>>>>>

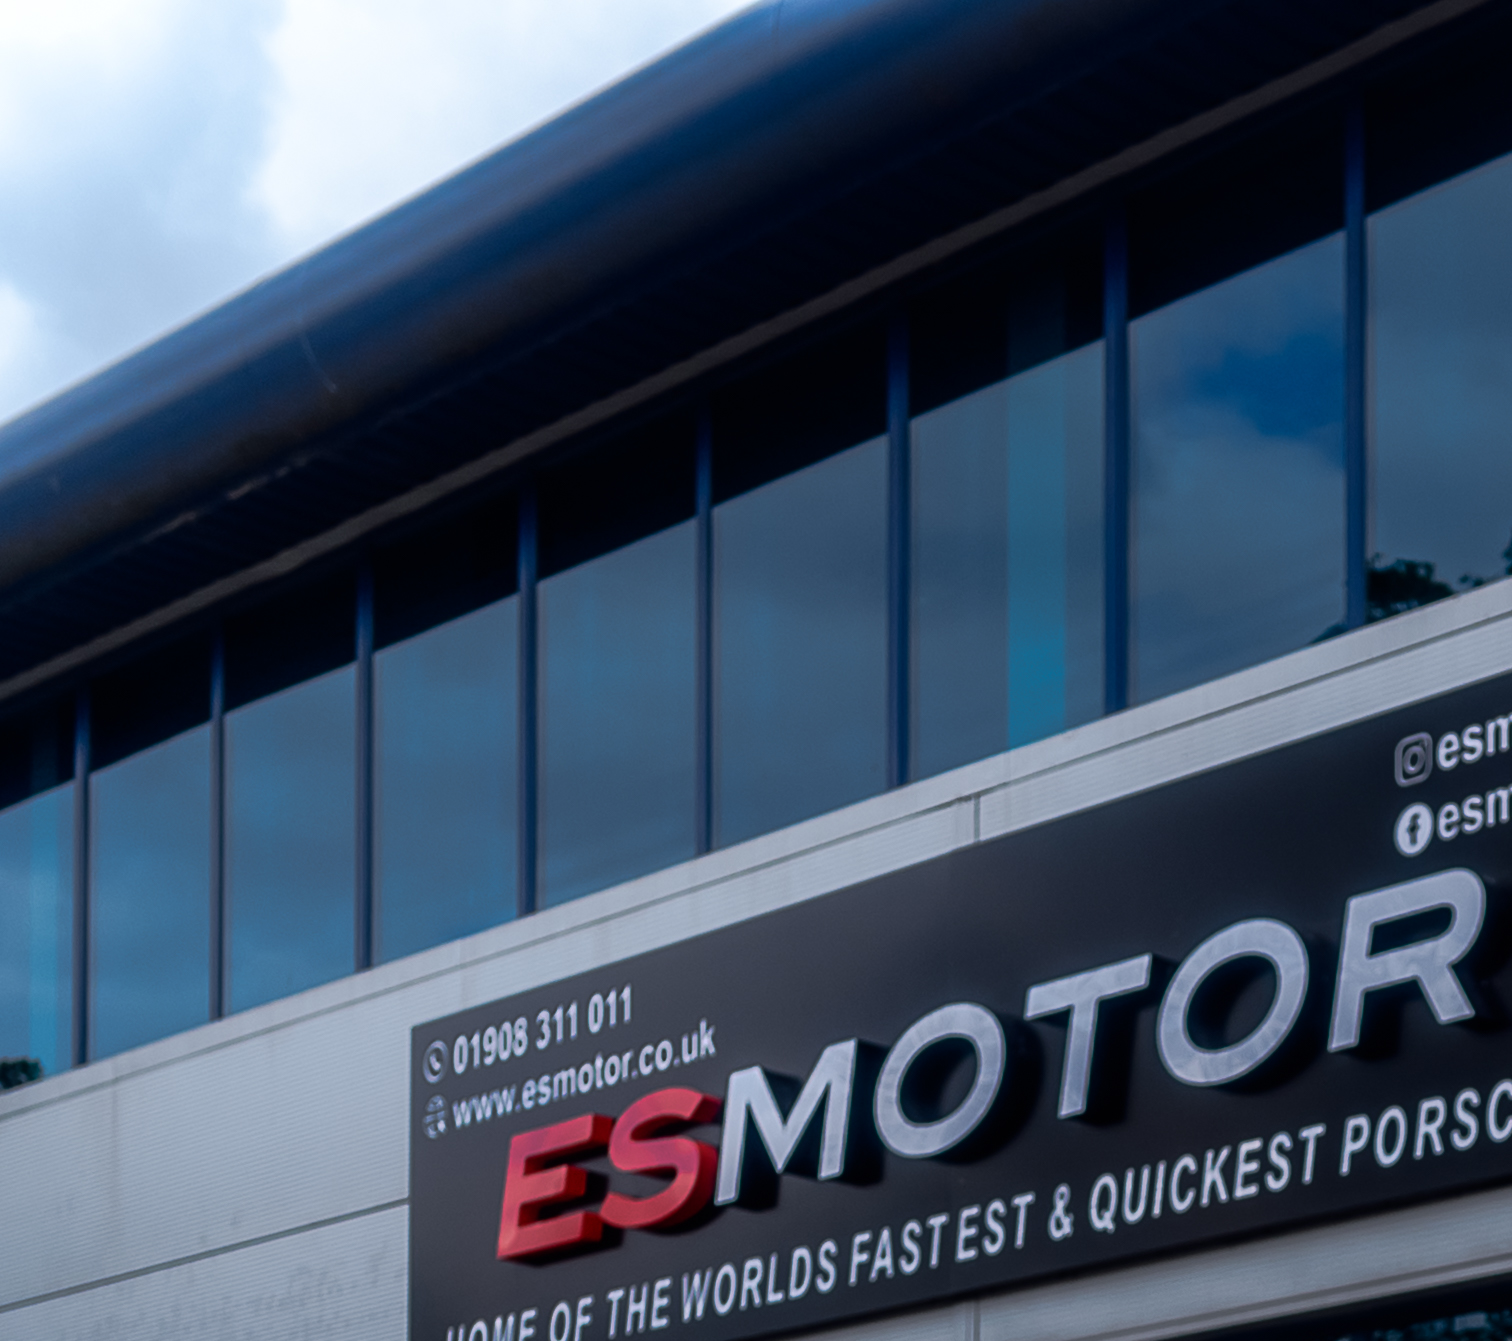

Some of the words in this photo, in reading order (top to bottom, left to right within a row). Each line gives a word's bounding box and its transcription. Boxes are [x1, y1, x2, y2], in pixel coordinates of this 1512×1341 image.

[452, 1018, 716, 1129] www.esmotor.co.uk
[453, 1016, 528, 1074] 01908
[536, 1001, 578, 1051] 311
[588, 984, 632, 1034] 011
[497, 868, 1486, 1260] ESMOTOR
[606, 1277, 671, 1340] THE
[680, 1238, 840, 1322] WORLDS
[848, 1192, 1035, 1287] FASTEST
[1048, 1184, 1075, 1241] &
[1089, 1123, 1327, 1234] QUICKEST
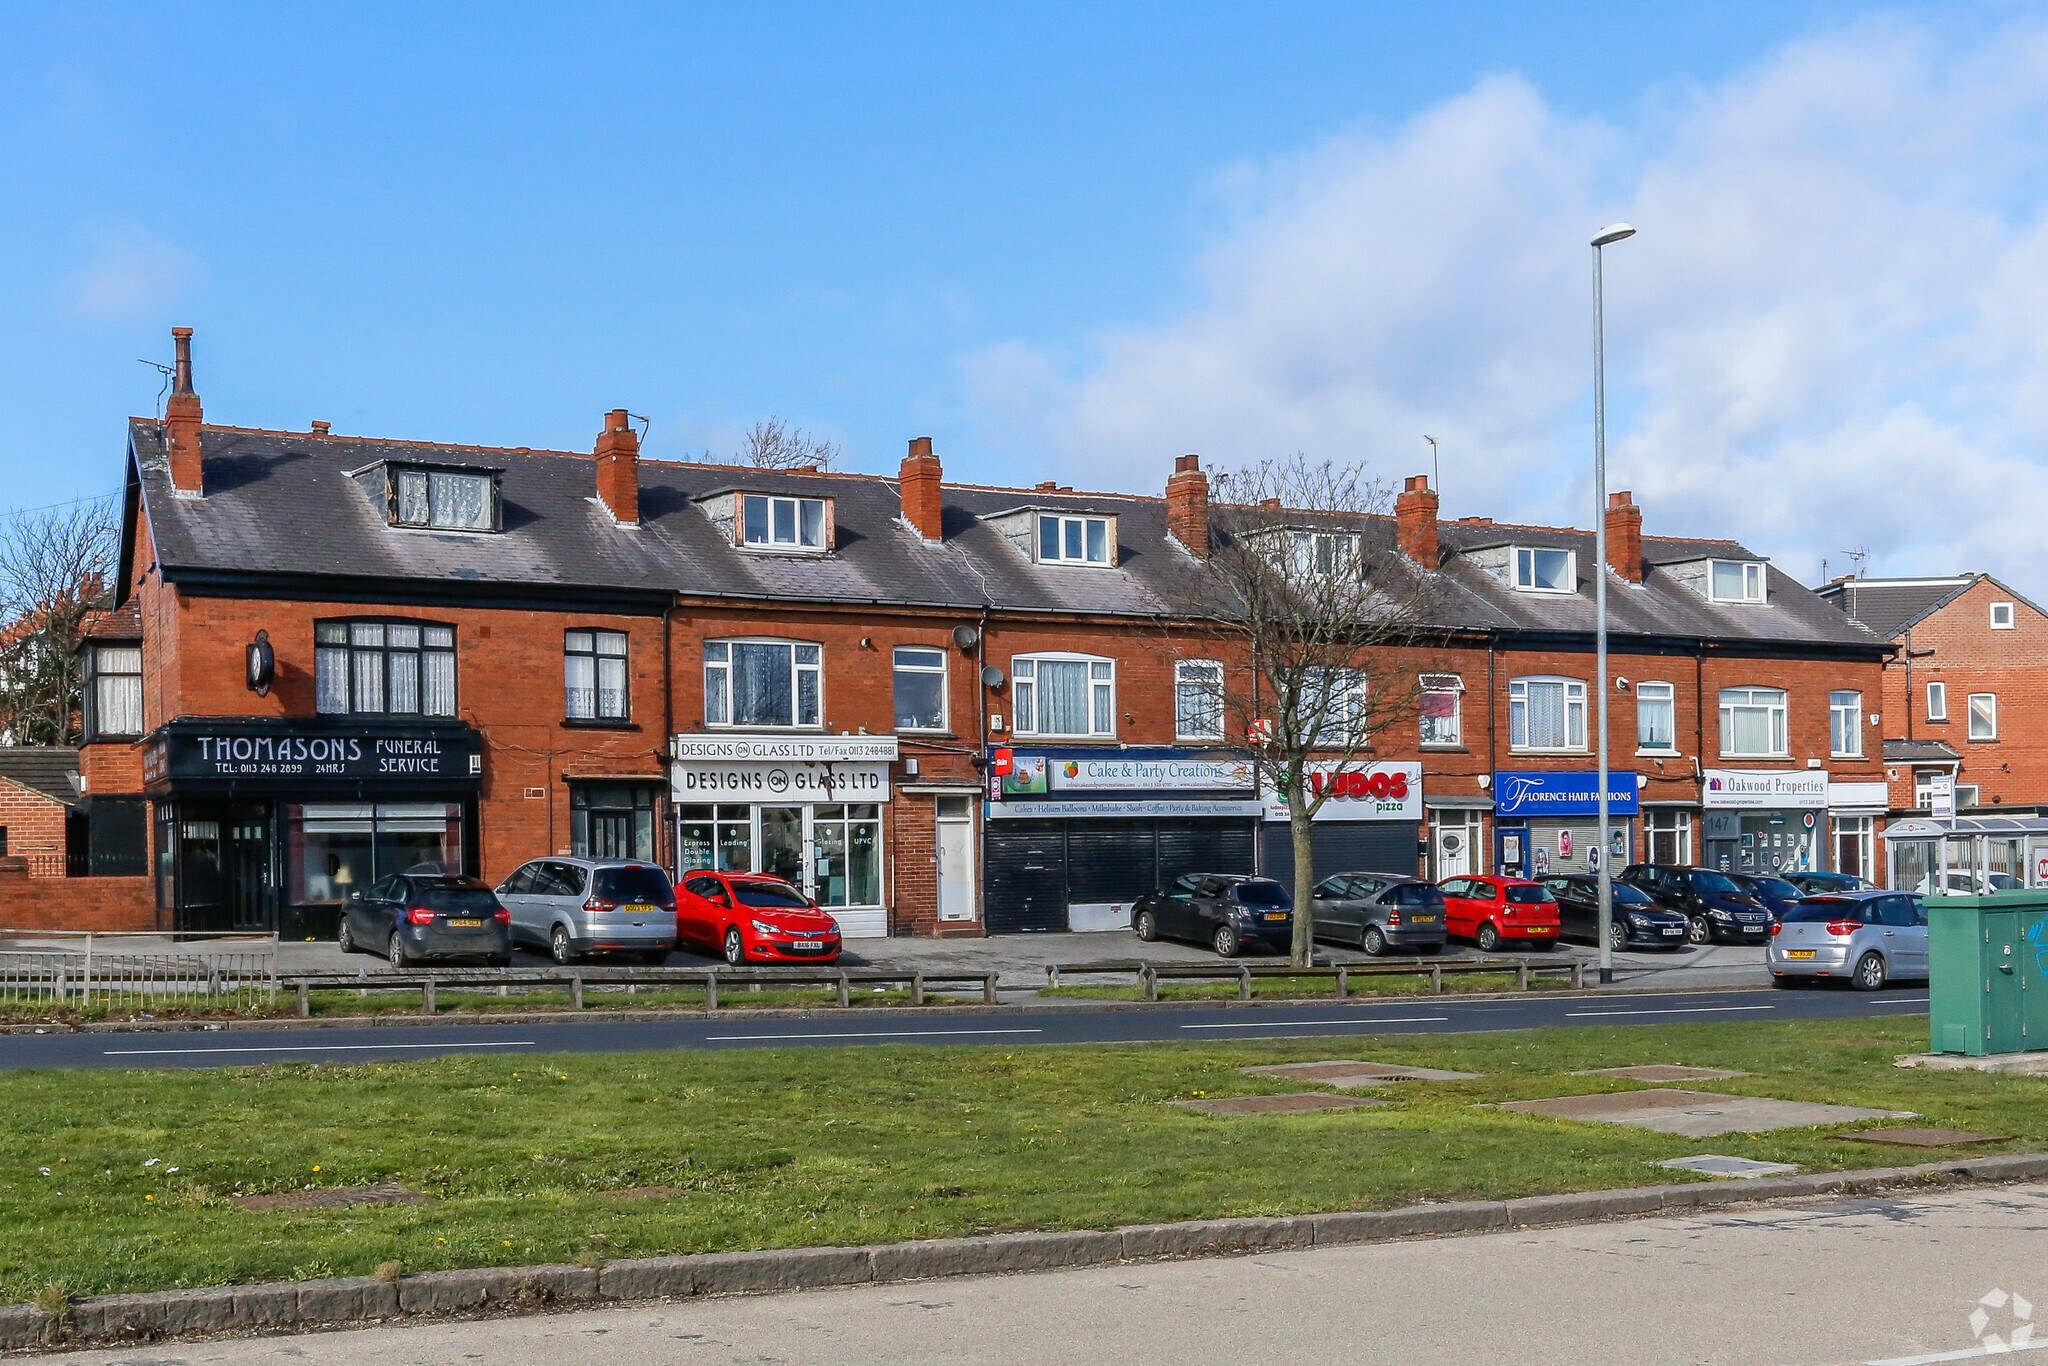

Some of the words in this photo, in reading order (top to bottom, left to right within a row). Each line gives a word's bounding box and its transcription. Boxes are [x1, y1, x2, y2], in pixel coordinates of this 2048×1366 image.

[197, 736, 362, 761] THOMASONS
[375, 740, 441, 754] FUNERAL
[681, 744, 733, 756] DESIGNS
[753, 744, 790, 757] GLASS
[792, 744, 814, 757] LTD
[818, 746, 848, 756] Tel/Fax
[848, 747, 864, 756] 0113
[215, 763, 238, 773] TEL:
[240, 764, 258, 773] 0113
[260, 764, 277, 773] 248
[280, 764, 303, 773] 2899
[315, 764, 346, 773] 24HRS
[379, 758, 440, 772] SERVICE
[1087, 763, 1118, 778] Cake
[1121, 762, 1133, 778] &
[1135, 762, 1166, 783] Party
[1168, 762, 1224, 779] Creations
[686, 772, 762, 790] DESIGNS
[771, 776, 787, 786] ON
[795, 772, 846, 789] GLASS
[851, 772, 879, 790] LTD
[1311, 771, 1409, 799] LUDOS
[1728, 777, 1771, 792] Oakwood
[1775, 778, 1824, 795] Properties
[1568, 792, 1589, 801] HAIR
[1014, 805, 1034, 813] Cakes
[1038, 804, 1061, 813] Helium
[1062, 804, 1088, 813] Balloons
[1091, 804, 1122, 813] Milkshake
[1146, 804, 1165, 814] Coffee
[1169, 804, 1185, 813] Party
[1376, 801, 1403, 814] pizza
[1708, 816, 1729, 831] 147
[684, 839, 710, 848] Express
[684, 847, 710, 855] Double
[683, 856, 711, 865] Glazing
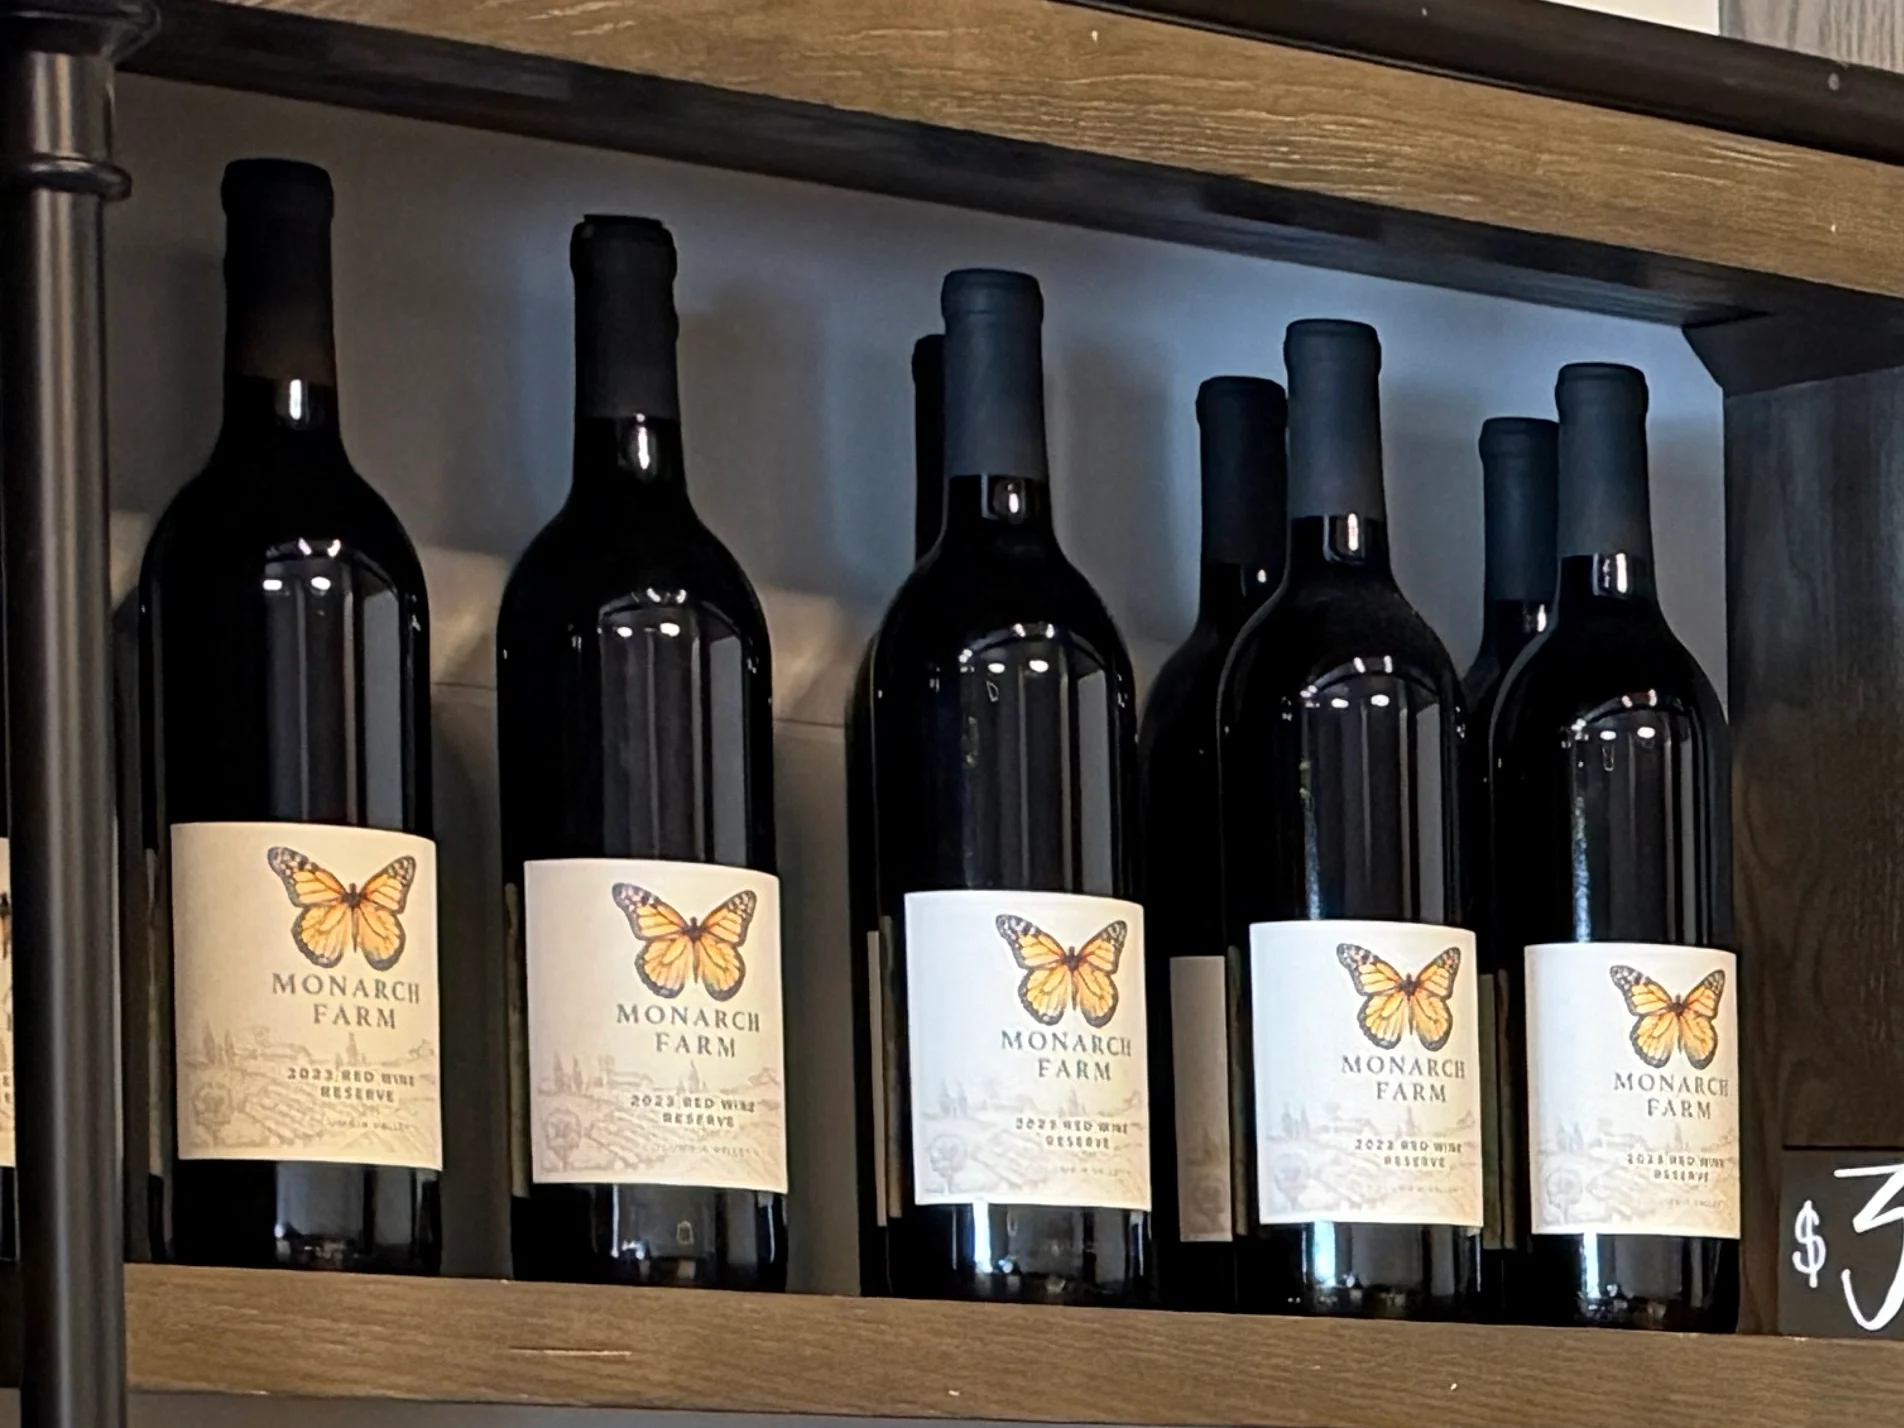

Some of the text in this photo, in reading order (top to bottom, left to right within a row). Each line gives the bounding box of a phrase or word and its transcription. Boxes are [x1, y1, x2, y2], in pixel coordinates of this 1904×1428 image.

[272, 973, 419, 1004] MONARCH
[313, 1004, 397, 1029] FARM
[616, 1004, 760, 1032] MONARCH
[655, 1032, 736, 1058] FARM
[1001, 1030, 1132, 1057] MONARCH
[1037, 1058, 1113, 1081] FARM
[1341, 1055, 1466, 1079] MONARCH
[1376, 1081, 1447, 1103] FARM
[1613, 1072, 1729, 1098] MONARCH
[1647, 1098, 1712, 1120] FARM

<<<<<

▸ **ABOUT THIS TASK**
Output exactly the lines above, from the one holding "Some of the text" through the end of the data, including the first and last.

▸ **SOLUTION**
Some of the text in this photo, in reading order (top to bottom, left to right within a row). Each line gives the bounding box of a phrase or word and its transcription. Boxes are [x1, y1, x2, y2], in pixel coordinates of this 1904×1428 image.

[272, 973, 419, 1004] MONARCH
[313, 1004, 397, 1029] FARM
[616, 1004, 760, 1032] MONARCH
[655, 1032, 736, 1058] FARM
[1001, 1030, 1132, 1057] MONARCH
[1037, 1058, 1113, 1081] FARM
[1341, 1055, 1466, 1079] MONARCH
[1376, 1081, 1447, 1103] FARM
[1613, 1072, 1729, 1098] MONARCH
[1647, 1098, 1712, 1120] FARM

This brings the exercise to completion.